**WORK REQUIRED**
The answer must be the full listing, word for word, with no pictures in it.

[MATERIAL FOR THIS TASK Boundary: Start]

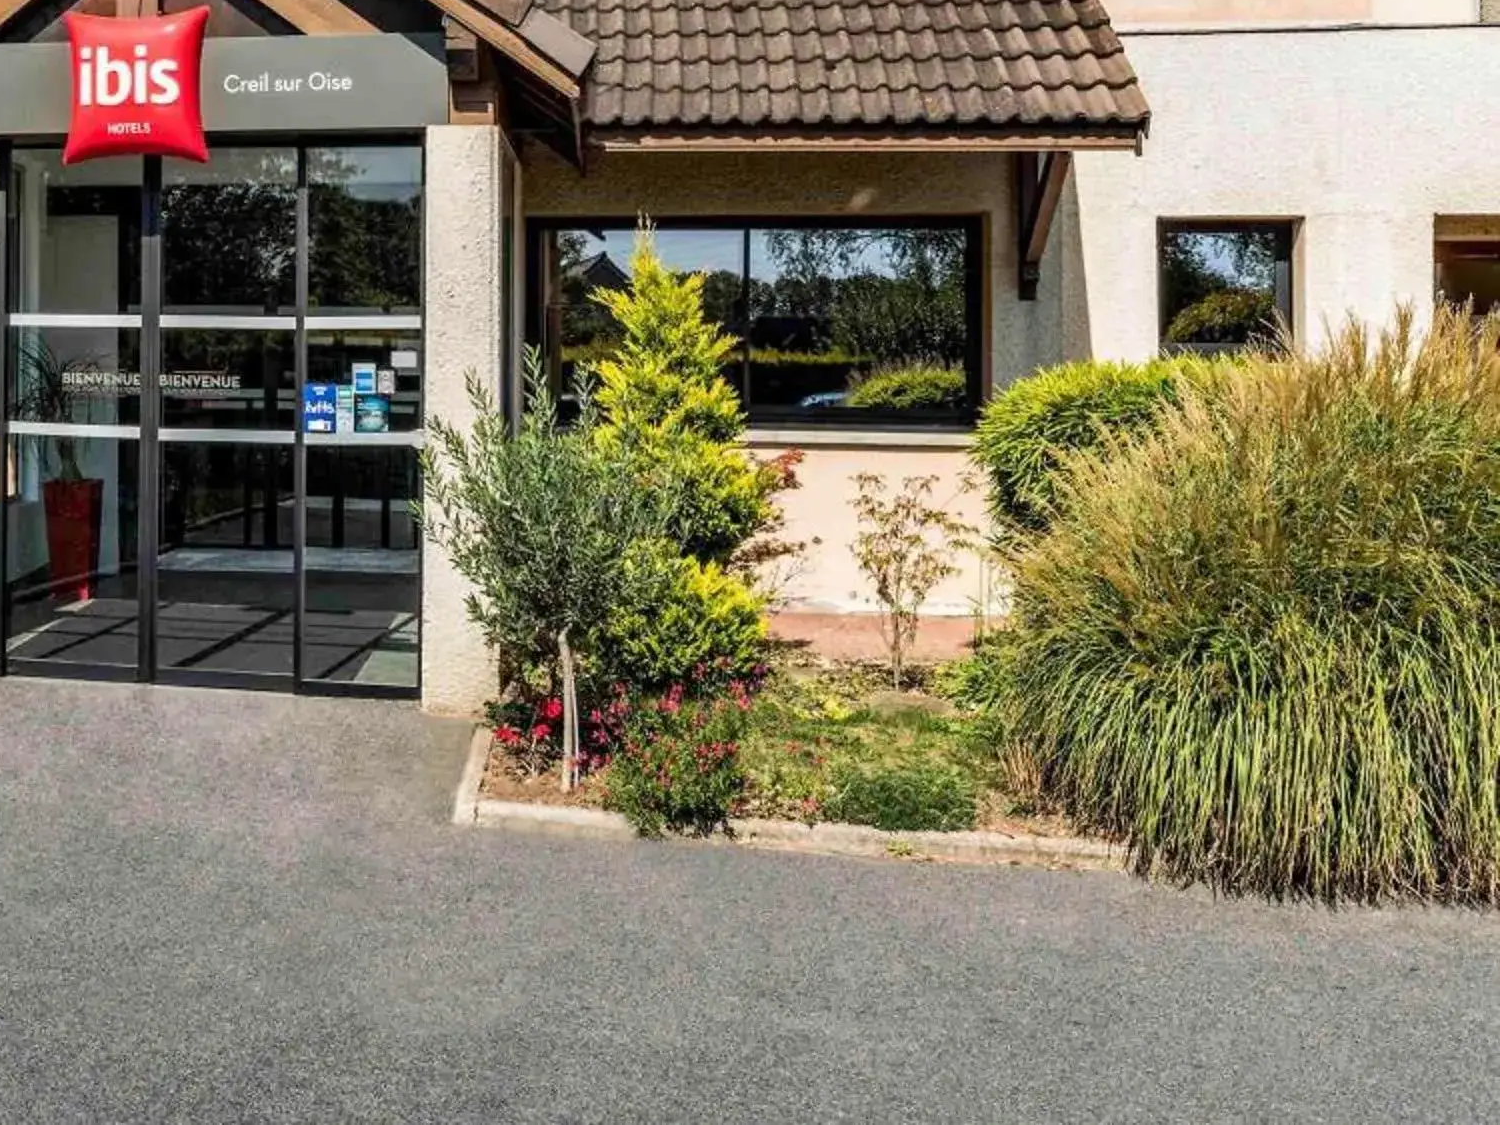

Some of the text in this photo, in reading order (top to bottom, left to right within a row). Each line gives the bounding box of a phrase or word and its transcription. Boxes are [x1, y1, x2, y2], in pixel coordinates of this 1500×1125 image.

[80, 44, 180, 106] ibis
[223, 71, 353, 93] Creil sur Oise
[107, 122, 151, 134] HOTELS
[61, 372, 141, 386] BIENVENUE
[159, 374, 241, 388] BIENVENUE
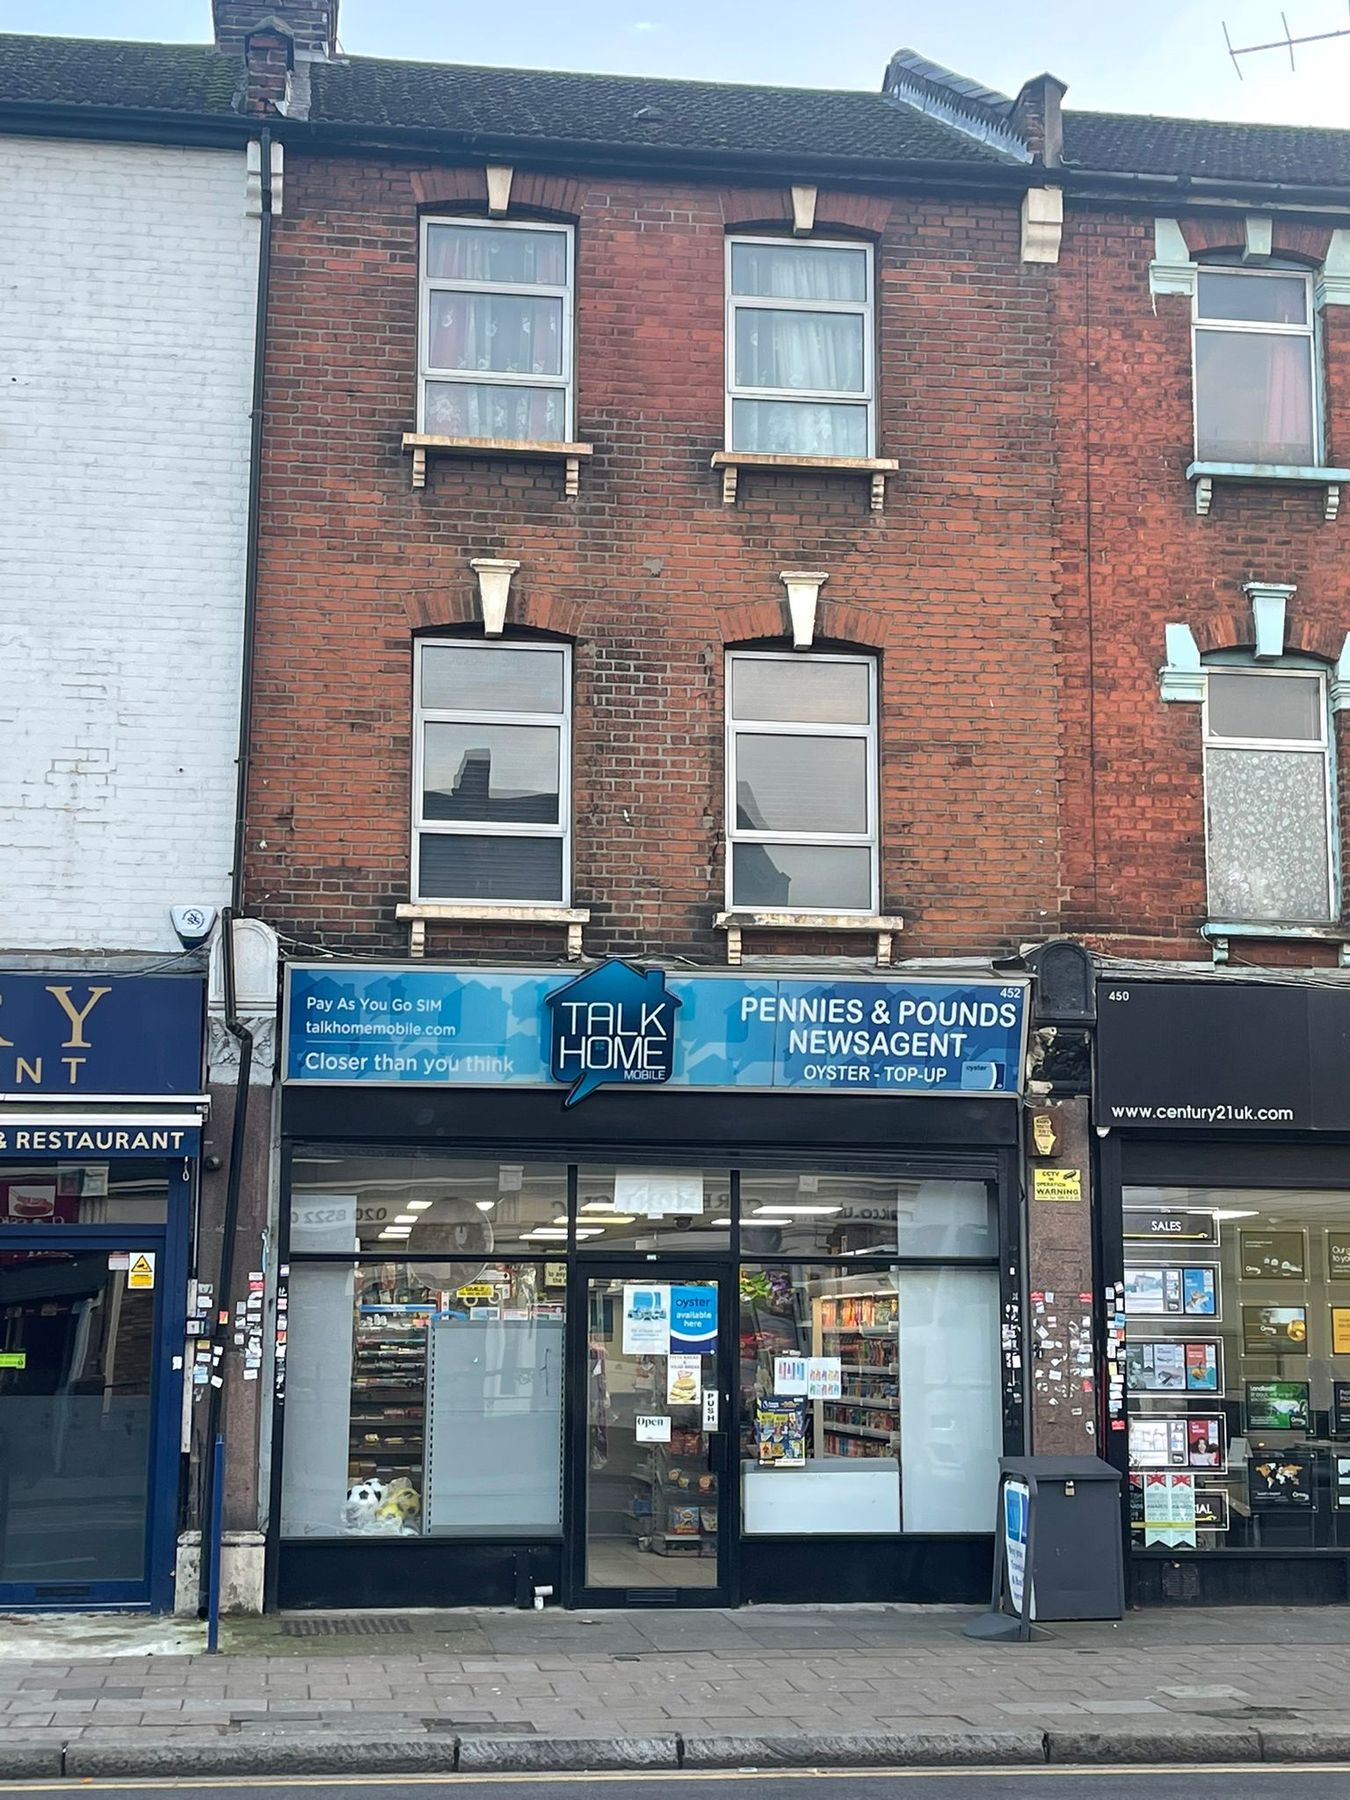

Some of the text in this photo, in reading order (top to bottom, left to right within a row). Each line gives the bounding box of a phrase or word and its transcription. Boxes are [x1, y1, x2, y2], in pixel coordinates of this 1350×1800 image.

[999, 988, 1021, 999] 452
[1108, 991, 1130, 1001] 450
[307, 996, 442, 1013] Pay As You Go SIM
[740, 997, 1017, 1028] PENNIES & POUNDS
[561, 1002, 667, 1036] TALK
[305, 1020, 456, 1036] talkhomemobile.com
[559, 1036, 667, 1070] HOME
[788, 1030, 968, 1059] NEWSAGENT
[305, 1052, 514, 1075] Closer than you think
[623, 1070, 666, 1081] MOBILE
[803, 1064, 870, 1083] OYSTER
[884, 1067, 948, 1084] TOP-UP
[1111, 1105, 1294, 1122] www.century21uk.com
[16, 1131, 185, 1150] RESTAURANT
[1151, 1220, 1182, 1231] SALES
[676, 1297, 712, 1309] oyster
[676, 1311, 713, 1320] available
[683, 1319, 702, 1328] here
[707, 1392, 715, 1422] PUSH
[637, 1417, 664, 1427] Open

[MATERIAL FOR THIS TASK Boundary: End]

**THE ANSWER**
Some of the text in this photo, in reading order (top to bottom, left to right within a row). Each line gives the bounding box of a phrase or word and its transcription. Boxes are [x1, y1, x2, y2], in pixel coordinates of this 1500×1125 image.

[80, 44, 180, 106] ibis
[223, 71, 353, 93] Creil sur Oise
[107, 122, 151, 134] HOTELS
[61, 372, 141, 386] BIENVENUE
[159, 374, 241, 388] BIENVENUE

Some of the text in this photo, in reading order (top to bottom, left to right within a row). Each line gives the bounding box of a phrase or word and its transcription. Boxes are [x1, y1, x2, y2], in pixel coordinates of this 1350×1800 image.

[999, 988, 1021, 999] 452
[1108, 991, 1130, 1001] 450
[307, 996, 442, 1013] Pay As You Go SIM
[740, 997, 1017, 1028] PENNIES & POUNDS
[561, 1002, 667, 1036] TALK
[305, 1020, 456, 1036] talkhomemobile.com
[559, 1036, 667, 1070] HOME
[788, 1030, 968, 1059] NEWSAGENT
[305, 1052, 514, 1075] Closer than you think
[623, 1070, 666, 1081] MOBILE
[803, 1064, 870, 1083] OYSTER
[884, 1067, 948, 1084] TOP-UP
[1111, 1105, 1294, 1122] www.century21uk.com
[16, 1131, 185, 1150] RESTAURANT
[1151, 1220, 1182, 1231] SALES
[676, 1297, 712, 1309] oyster
[676, 1311, 713, 1320] available
[683, 1319, 702, 1328] here
[707, 1392, 715, 1422] PUSH
[637, 1417, 664, 1427] Open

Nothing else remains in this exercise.